▸ **Prompt**:
Repeat each record exactly as written, and drop any images.

▸ **The data**:
————————

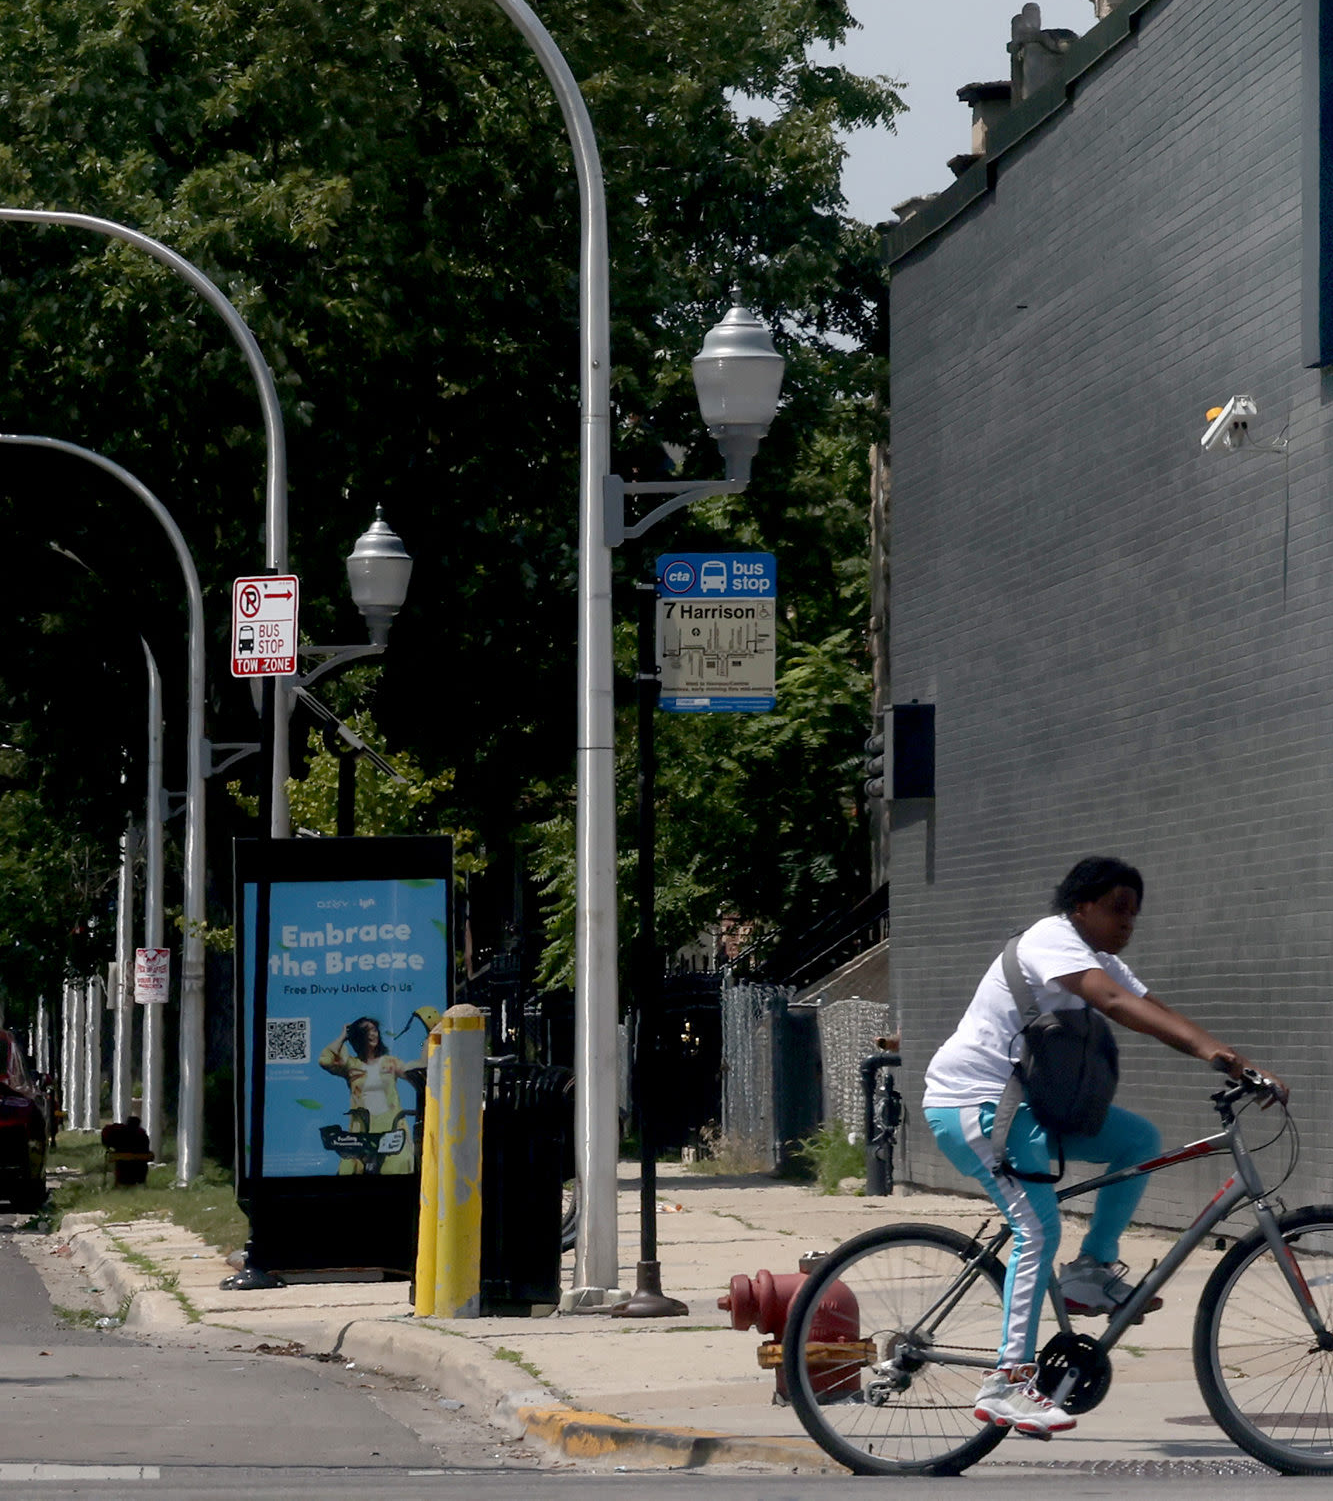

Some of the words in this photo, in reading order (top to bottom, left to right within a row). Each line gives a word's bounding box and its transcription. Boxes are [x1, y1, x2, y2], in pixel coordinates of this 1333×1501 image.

[733, 560, 764, 575] bus
[669, 572, 690, 582] cta
[732, 576, 770, 593] stop
[664, 602, 676, 619] 7
[680, 604, 756, 619] Harrison
[259, 624, 280, 638] BUS
[258, 639, 284, 654] STOP
[237, 659, 259, 673] TOW
[264, 657, 292, 672] ZONE
[282, 922, 412, 948] Embrace
[268, 952, 318, 977] the
[325, 950, 425, 975] Breeze
[283, 985, 307, 996] Free
[310, 984, 339, 996] Divvy
[341, 982, 378, 994] Unlock
[380, 982, 397, 994] On

————————

▸ **Result of the exercise**:
Some of the words in this photo, in reading order (top to bottom, left to right within a row). Each line gives a word's bounding box and its transcription. Boxes are [x1, y1, x2, y2], in pixel coordinates of this 1333×1501 image.

[733, 560, 764, 575] bus
[669, 572, 690, 582] cta
[732, 576, 770, 593] stop
[664, 602, 676, 619] 7
[680, 604, 756, 619] Harrison
[259, 624, 280, 638] BUS
[258, 639, 284, 654] STOP
[237, 659, 259, 673] TOW
[264, 657, 292, 672] ZONE
[282, 922, 412, 948] Embrace
[268, 952, 318, 977] the
[325, 950, 425, 975] Breeze
[283, 985, 307, 996] Free
[310, 984, 339, 996] Divvy
[341, 982, 378, 994] Unlock
[380, 982, 397, 994] On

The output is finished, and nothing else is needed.